Currently following PSCarb's sticky diet but change it slightly. Will be working out her BMR tonight hopefully and will then fitday the diet to make sure were not under or over hitting the calories.

Current diet now

2 whole eggs 2 egg whites

120 grams prawns with seafood sauce and salad

serving of (salted) cashew nuts and 1 scoop whey protein with milk

150 grams chicken/fish/turkey with veg

serving of (salted) cashew nuts and 1 scoop whey protein with milk

Now i know your gonna pick up some bad things in there but im just glad were heading in the right direction.

Not quite managing 4 ltrs of water in fact just about getting 1 down her.

Anyways will keep posting.


----------



## 3752 (Jan 7, 2005)

the biggest issue i see there is the water intake this in its self will comprimise fat loss....

what is in the seafood sauce as this is a keto style diet and is useless if the sauce contains to many carbs


----------



## chopperead (Nov 7, 2008)

Asda seafood sauce:

Per 15 g tablespoon

2.4g carb

of which sugars 2.3g

Probably has 2 tablespoons

Whats max carbs she can have is it 30g in a day.


----------



## 3752 (Jan 7, 2005)

yes it is around 30g but i would not be touching sugar on this diet...and can you definitely say it is only 2 tablespoons


----------



## ouise (May 1, 2008)

Hi can't really add much detail to what's been posted above but she really needs more wholegrain products, veg/fruit and water. The women I work with are all fond of cans of fizzy pop, choc and biscuits, sandwiches covered in mayo etc. Not only are they fairly unfit but over weight and unhealthy too. A fairly standard/clean diet will help her look and feel better. Any weigh training on top of this will be a bonus. Good luck, habits are hard to break!


----------



## chopperead (Nov 7, 2008)

I made a big school boy error with the misses diet she was having milk with the shakes and when inputting this into fitday realised was going over 30 grams carb with the biggest culprit being the milk.

She started having the shakes with water this week and to be honest i dont think its gone down to well she hates it and is gonna pack this in and the end of this week so need to try and sort something else out for her.

She managed to lose 6 pounds in the first week but then has pretty much not moved since then.

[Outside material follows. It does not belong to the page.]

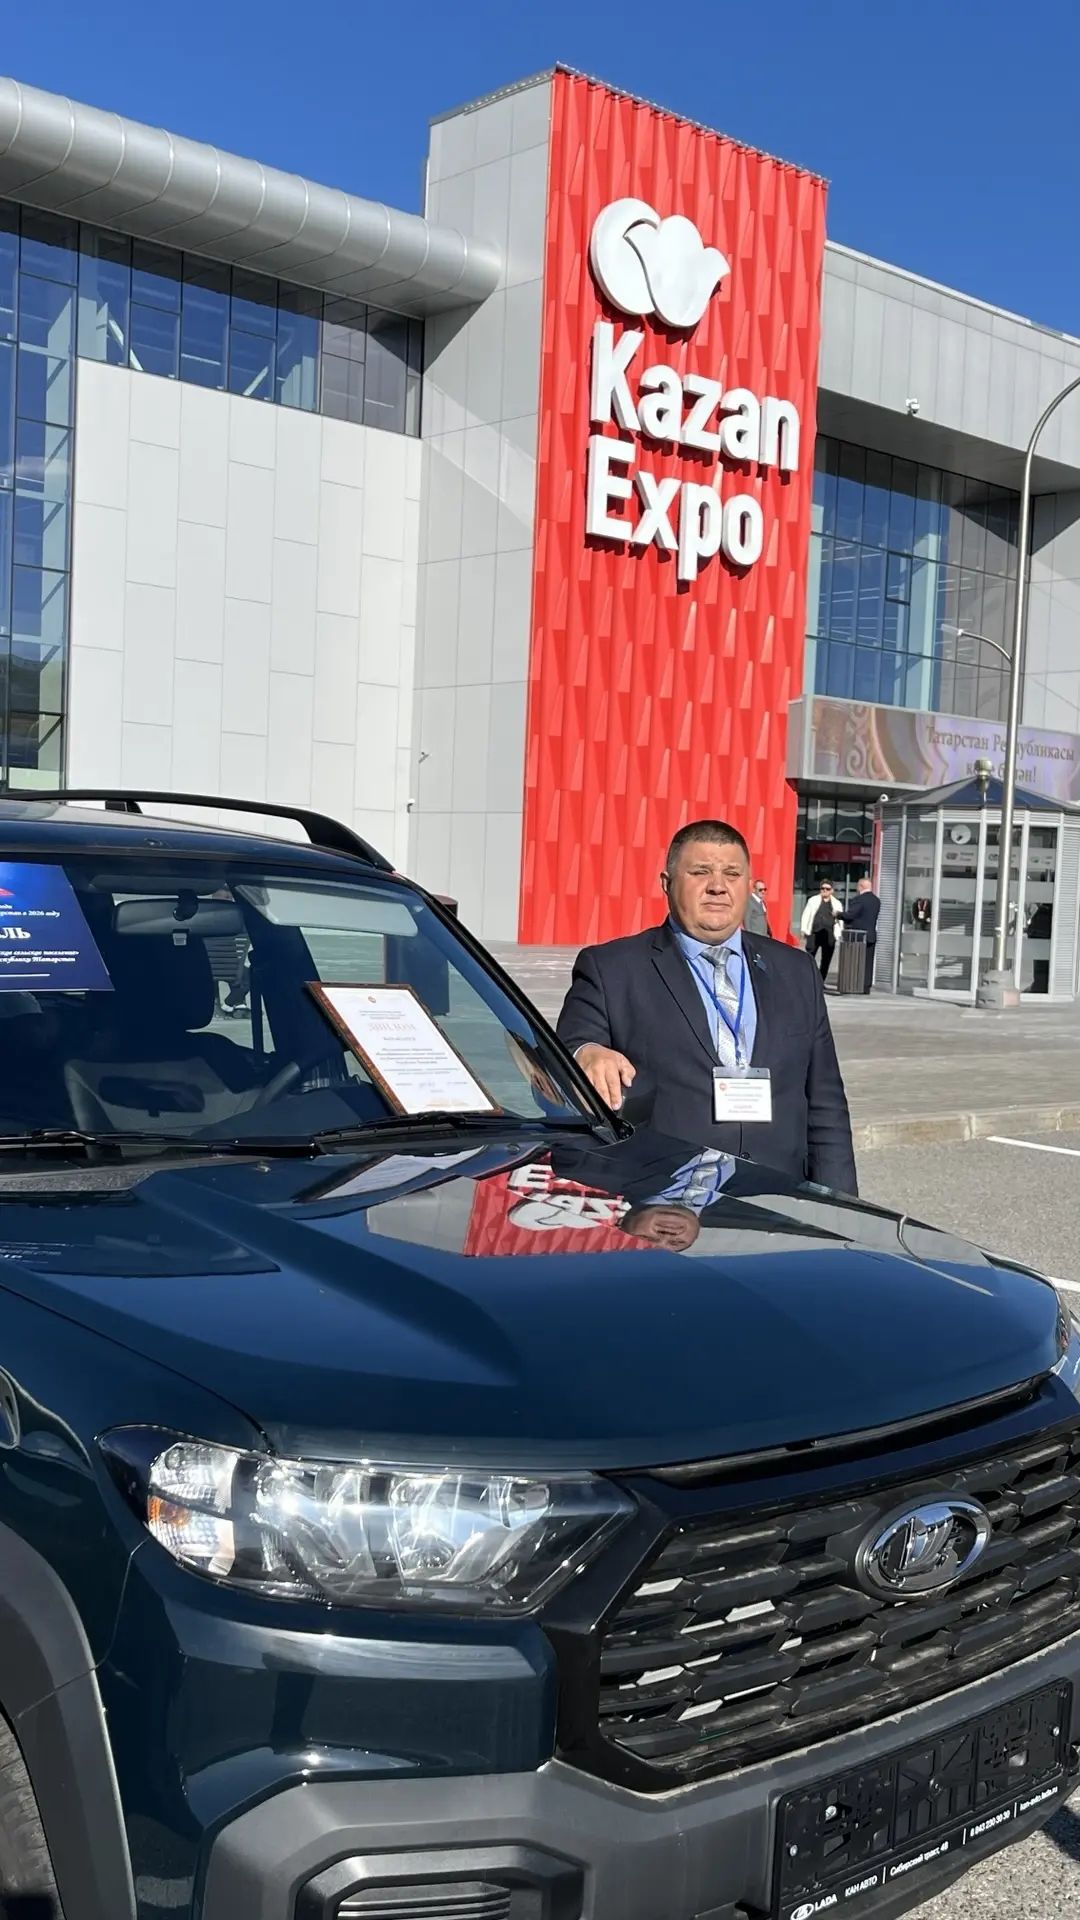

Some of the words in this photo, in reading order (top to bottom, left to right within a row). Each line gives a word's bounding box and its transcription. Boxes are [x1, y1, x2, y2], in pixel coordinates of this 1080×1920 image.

She loves her fizzy pop and is drinking diet coke as the calories and carbs are zero i cant help but think that its still gonna have some kinda negative effect ?


----------



## Ollie B (Mar 14, 2007)

Tagged this thread interest for my gf


----------



## MissBC (Apr 29, 2008)

chopperead said:


> I made a big school boy error with the misses diet she was having milk with the shakes and when inputting this into fitday realised was going over 30 grams carb with the biggest culprit being the milk.
> 
> She started having the shakes with water this week and to be honest i dont think its gone down to well she hates it and is gonna pack this in and the end of this week so need to try and sort something else out for her.
> 
> ...


what about half water/half milk??

orrrr buy a decent protein powder!! I have all mine with water and they are awesome!! Sometimes il stick like 1/3 milk if i feel like it!!


----------



## TaintedSoul (May 16, 2007)

chopperead said:


> I made a big school boy error with the misses diet she was having milk with the shakes and when inputting this into fitday realised was going over 30 grams carb with the biggest culprit being the milk.
> 
> She started having the shakes with water this week and to be honest i dont think its gone down to well she hates it and is gonna pack this in and the end of this week so need to try and sort something else out for her.
> 
> ...


Tell her to read up on aspritame. Then see how she loves all those diet drinks. I'd rather have the calories thanks.


----------



## Capirossi (Apr 25, 2009)

Hi all.

Am new to the forum, and to weight training. Just looking for some diet advice to get started with and came across this very helpful post :thumb: My husband has been weight training on and off for years, and has recently got back into it after a dry spell. He has pretty much advised me on my diet, which is very similar to the one above posted by MissBC.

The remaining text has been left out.